The Role of Meditation for Stress Management: Everything You Need to Know!


role of meditation for stress management

 

"You need to lower the amount of stress you experience on a day to day basis”. You've probably heard this advice a million times before, from close friends, family, and your doctor. 

However, as trite as this saying is, getting rid of stress is crucial for your long-term health and well-being, but can be easier said then done, right?

People don’t just say stress is a killer for no reason. In fact, stress can lead to both declines mentally and physically. Stress can cause issues like headaches, heartburn, weakened immunity, increases in blood sugar, to depression, insomnia, and even fertilely problems.

Crazy, right!

So how can you effectively manage your stress and live a happier and more fulfilling life? 

In this post, we’ll explore one of the most effective stress management techniques that is gaining more popularity, meditation!


meditation and stress


Some of the earliest written records of meditation are from Hindu tradition, in India. 

Meditation has been around for thousands of years, and has many other benefits then just helping to reduce stress. This ancient practice has been used in countries all around the world to create inner balance, connection, and peace. 

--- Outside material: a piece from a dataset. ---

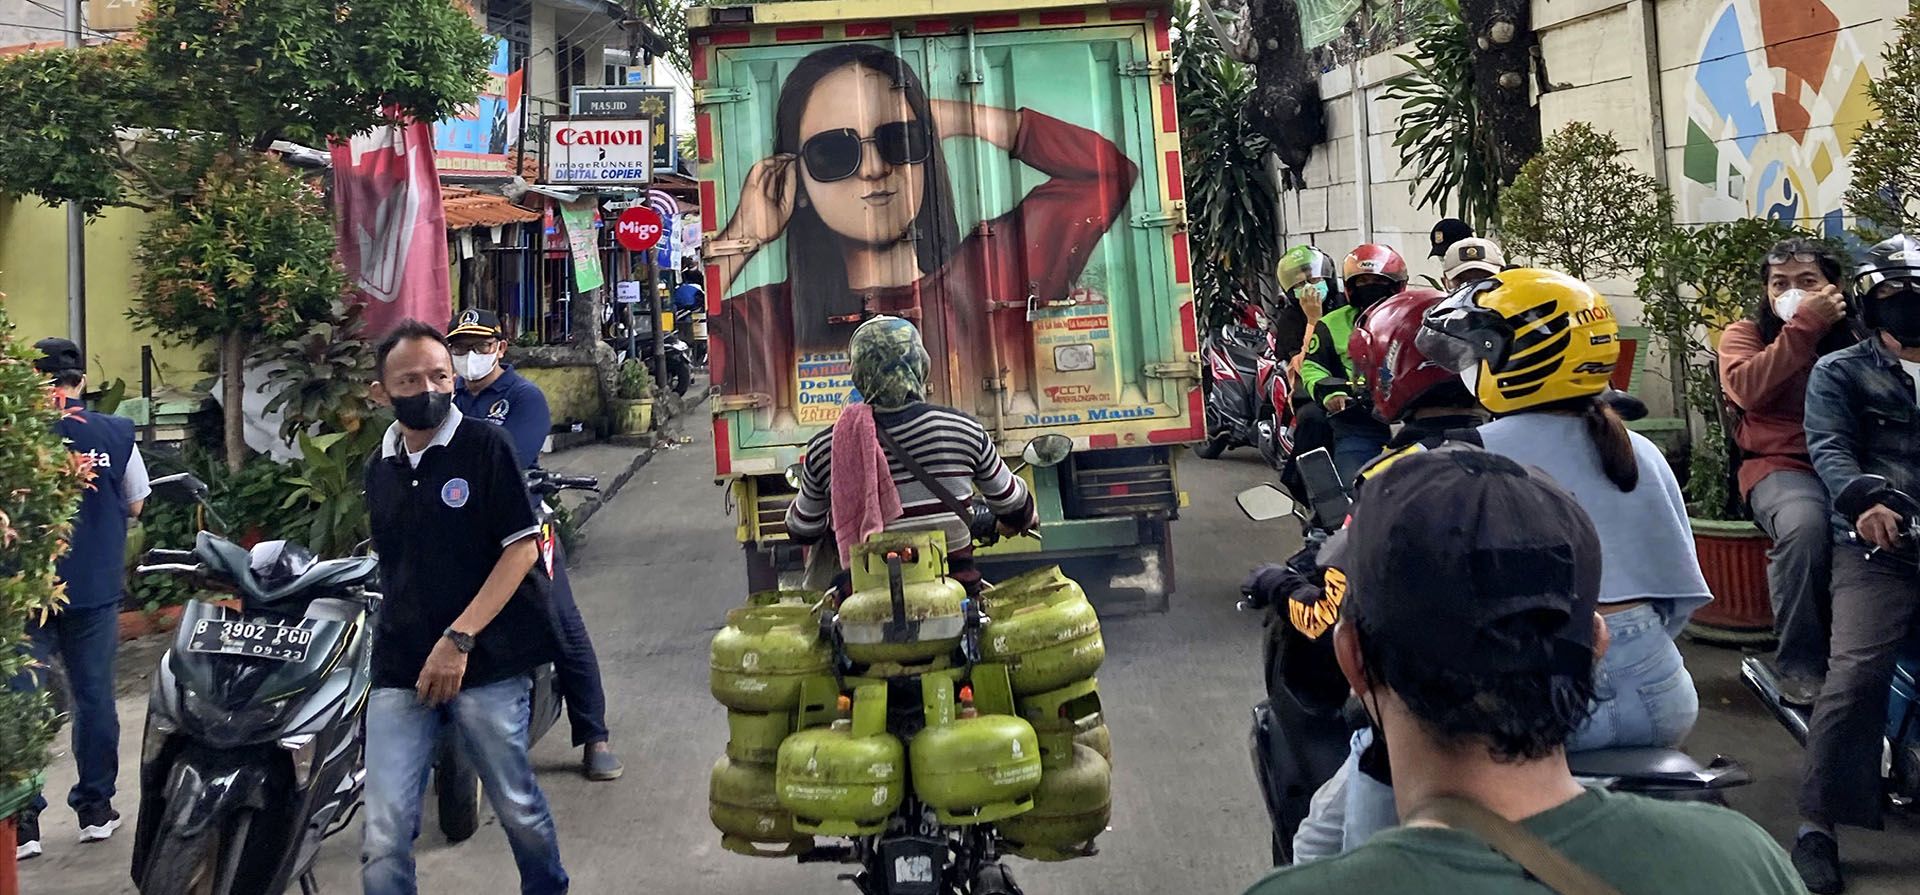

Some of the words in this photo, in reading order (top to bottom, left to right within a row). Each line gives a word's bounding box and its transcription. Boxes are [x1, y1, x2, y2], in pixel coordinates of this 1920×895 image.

In addition to this, though, meditation may be the perfect way for you to cope & manage stress, more successfully.

We’ll talk specifically about the role of meditation in stress management, that way you'll have all the important information that you need to start meditating for stress management today.

 

The Impact of Stress On The Body


stress on the body


Stress can have a very negative impact on your health, indeed. There is a high mental load of stress, like feelings of anxiousness and emotional exhaustion which can make it harder to perform at work and at home. Additionally to this, you also have the physical side of stress. People don’t always consider the bodily impact of stress from a physical standpoint, but it is very real, and very dangerous.

You may not see major health issues right away, but over time, your body can deteriorate from stress. The potential totality of stress is to much to get into on one particular post on the body, as this post is geared more towards how meditation, specifically, can help you to manage your stress-load. 

 

Why You Need To Use Meditation To Manage Stress


why meditation works for stress


So where does meditation come into play? Well, meditation is one of the most effective, non-intrusive and non-invasive ways to manage your stress levels. Meditation has been studied and researched more and more over recent years. 

Below, we'll go into some of the research on meditation and mindfulness practices, and how they may be effective in helping individuals deal with daily stress.

It's important to understand, however, like many things in life, meditation is something you get better with as time goes on with your practice. However, managing just a few minutes per day may be a recipe to successfully connecting to yourself in a better, healthier way. 

 

How Meditation Plays a Role In Stress Management:

Meditation can take time and practice to learn. However, once you fully understand how to meditate you can really reduce the amount of stress you feel in your life. Sometimes, you can do this even more effective than other stress relief measures.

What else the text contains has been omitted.